The Order of Malta, in Rome

Various buildings in Rome are not in Italy. For instance, many buildings are part of the Vatican, like the Palazzo di Propaganda Fide just up the street from us. In other words, they are extraterritorial. Usually this term applies to places such as embassies; that is, properties of another country. But there is a unique entity — not a country — that has extraterritorial properties in Rome.

A couple minutes’ walk from us (at at Via dei Condotti, 68) is the Magisterial Palace of the Order of Malta. On the Aventine Hill, there’s also the Villa del Priorato di Malta. The two buildings belong to a sovereign entity that since 1869 has had mutual, formal diplomatic relations with Italy.

The Sovereign Military Order of Malta — more precisely, the Sovereign Military Hospitaller Order of St. John of Jerusalem of Rhodes and of Malta — is a sovereign order of chivalry that has been granted extraterritoriality by the Italian Government. The Grand Master of the Sovereign Military Order of Malta resides in the Magisterial Palace, which is also the Order’s headquarters.

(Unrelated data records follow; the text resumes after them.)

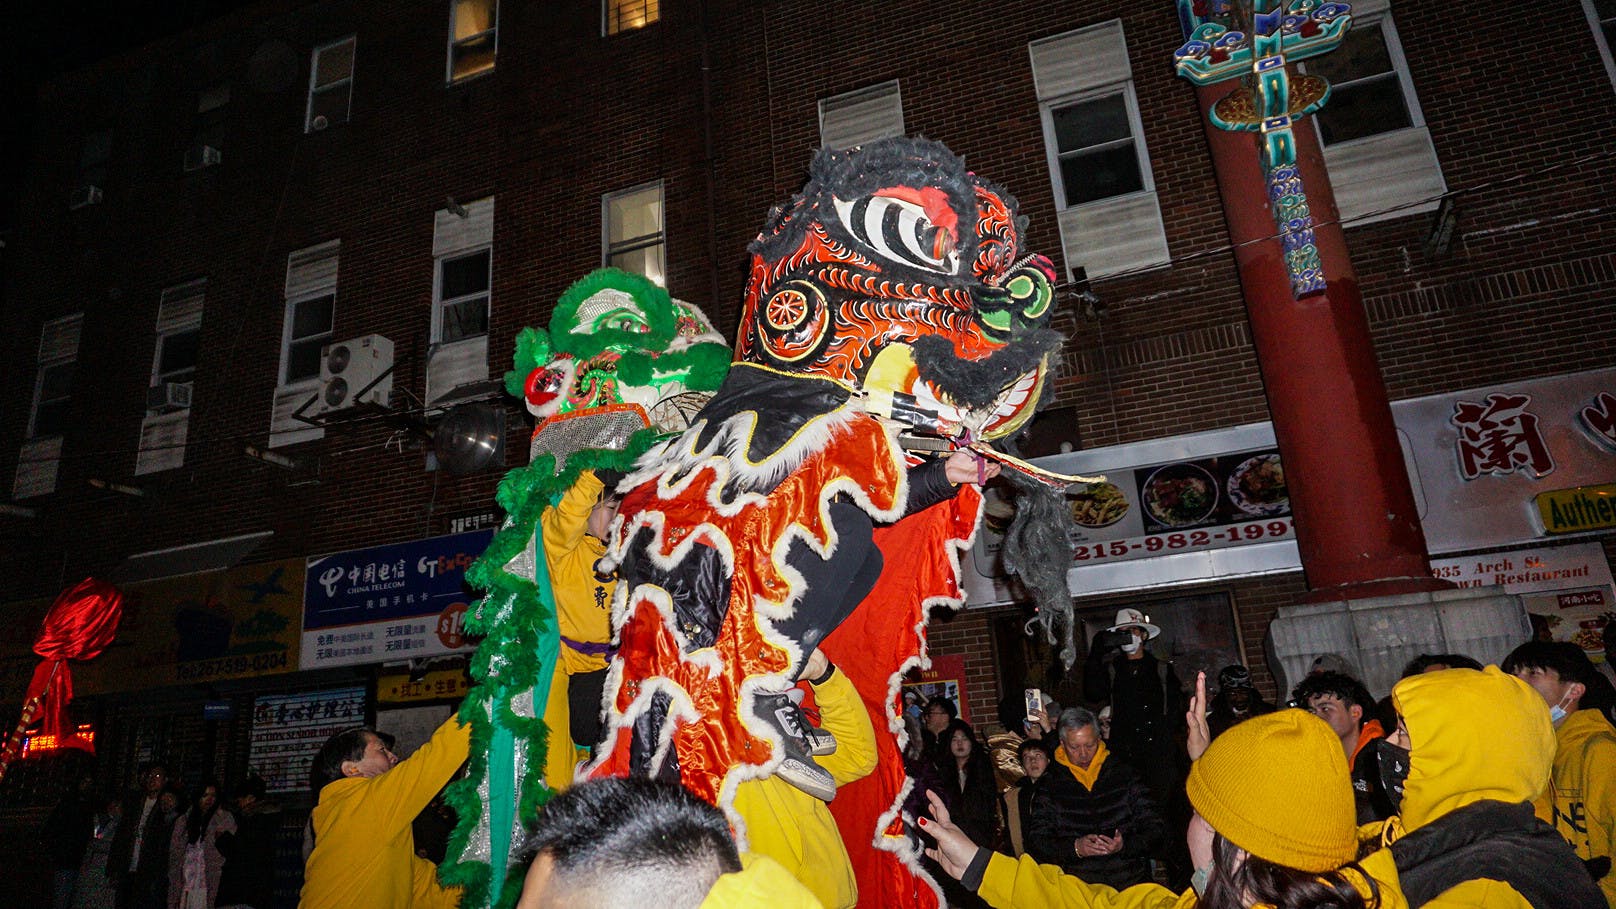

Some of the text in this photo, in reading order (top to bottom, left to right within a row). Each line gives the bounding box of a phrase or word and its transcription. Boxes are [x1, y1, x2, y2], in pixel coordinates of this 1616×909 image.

[1073, 521, 1294, 561] 215-982-199
[347, 557, 407, 586] 中国电信
[1432, 556, 1546, 579] 935 Arch St.
[1494, 564, 1590, 586] Restaurant
[347, 580, 406, 595] CHINA TELECOM
[366, 592, 428, 609] 美国手机卡
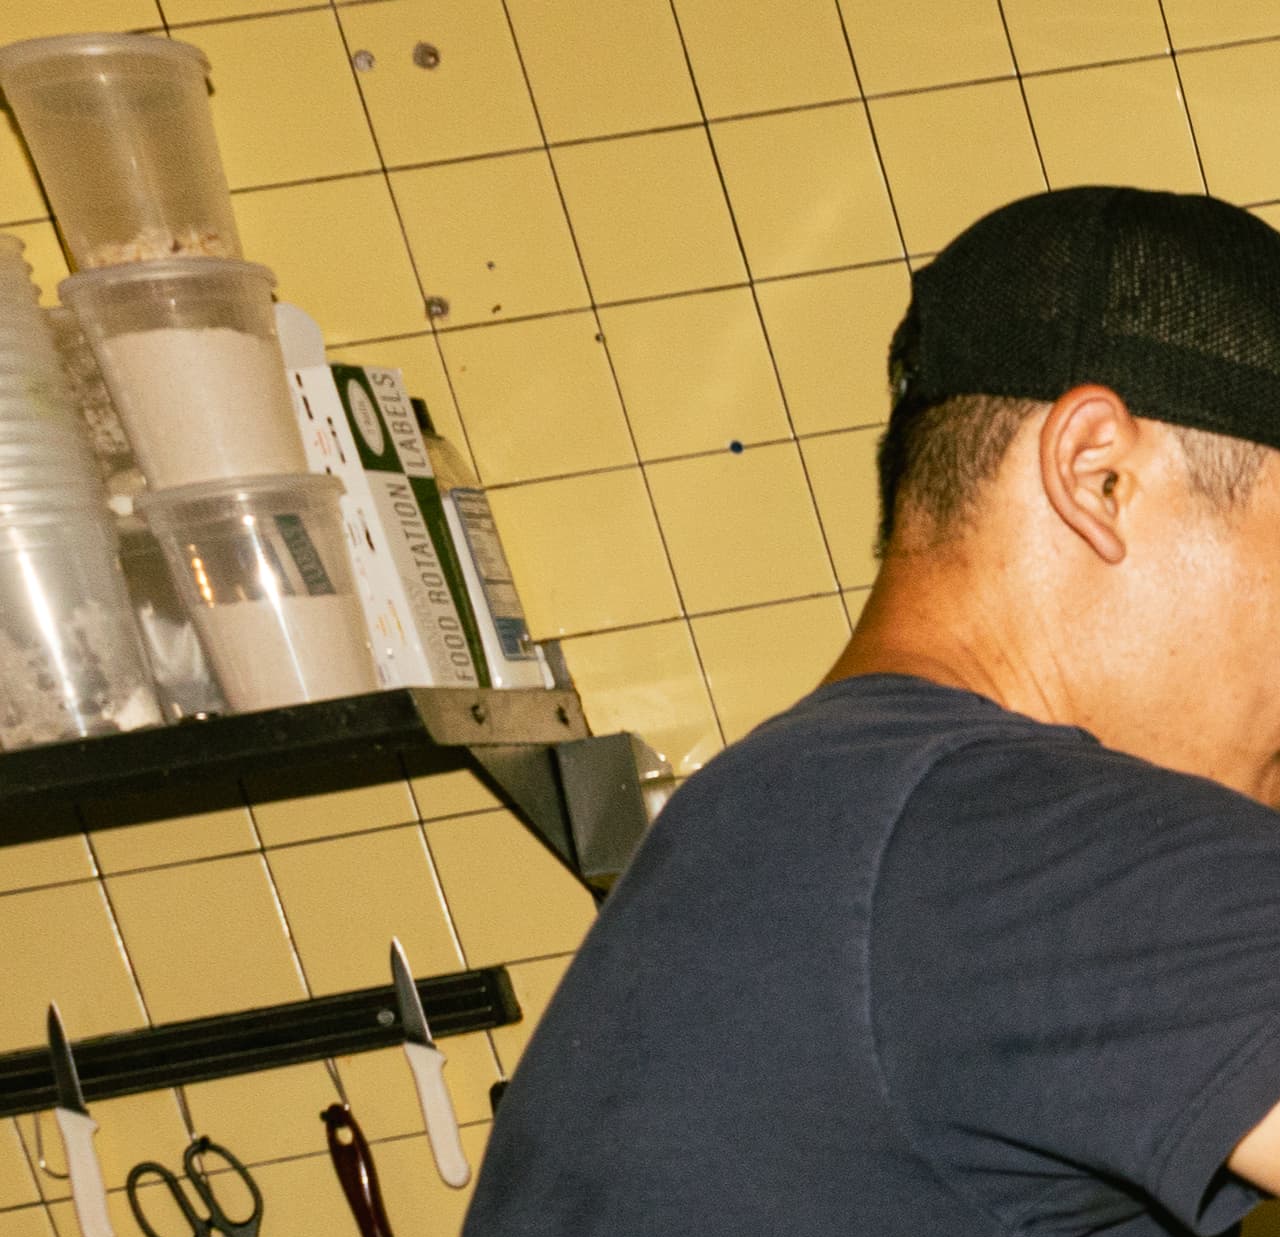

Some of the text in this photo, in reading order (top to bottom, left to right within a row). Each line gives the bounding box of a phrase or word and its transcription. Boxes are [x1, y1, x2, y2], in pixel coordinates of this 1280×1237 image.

Magisterial Palace of the Knights of Malta. Photo courtesy of Giorgio Minguzzi.
Plaque at Palazzo Malta, stating its extraterritorial status
Plaque at the Magisterial Palace, stating its extraterritorial status
Courtyard of the Magisterial Palace, with the Maltese cross

Just like the Magisterial Palace, the Villa del Priorato di Malta (the “Magistral Villa“) is also sovereign territory. The site, with a wonderful view of Rome from its location on the Aventine Hill, was once a fortified Benedictine monastery. It was later owned by the Knights Templar. After the destruction of that order, the villa was transferred to the Knights Hospitaller… which became the Order of Malta.

Villa Malta, on the Aventine Hill
Villa del Priorato di Malta, on the Aventine Hill
The walls encircling the Magisterial Villa, decorated with coats of arms with the Maltese cross, and obelisks

The villa has lovely gardens and the Church of Santa Maria del Priorato, which was designed by the great artist Giovanni Battista Piranesi. He is known for his marvelous engravings of Rome, and is buried at the church.

Santa Maria del Priorato

Most people know this place, however, as the site of the “key hole.” The view through the gate’s key hole gives you St. Peter’s dome perfectly framed by the garden’s hedges.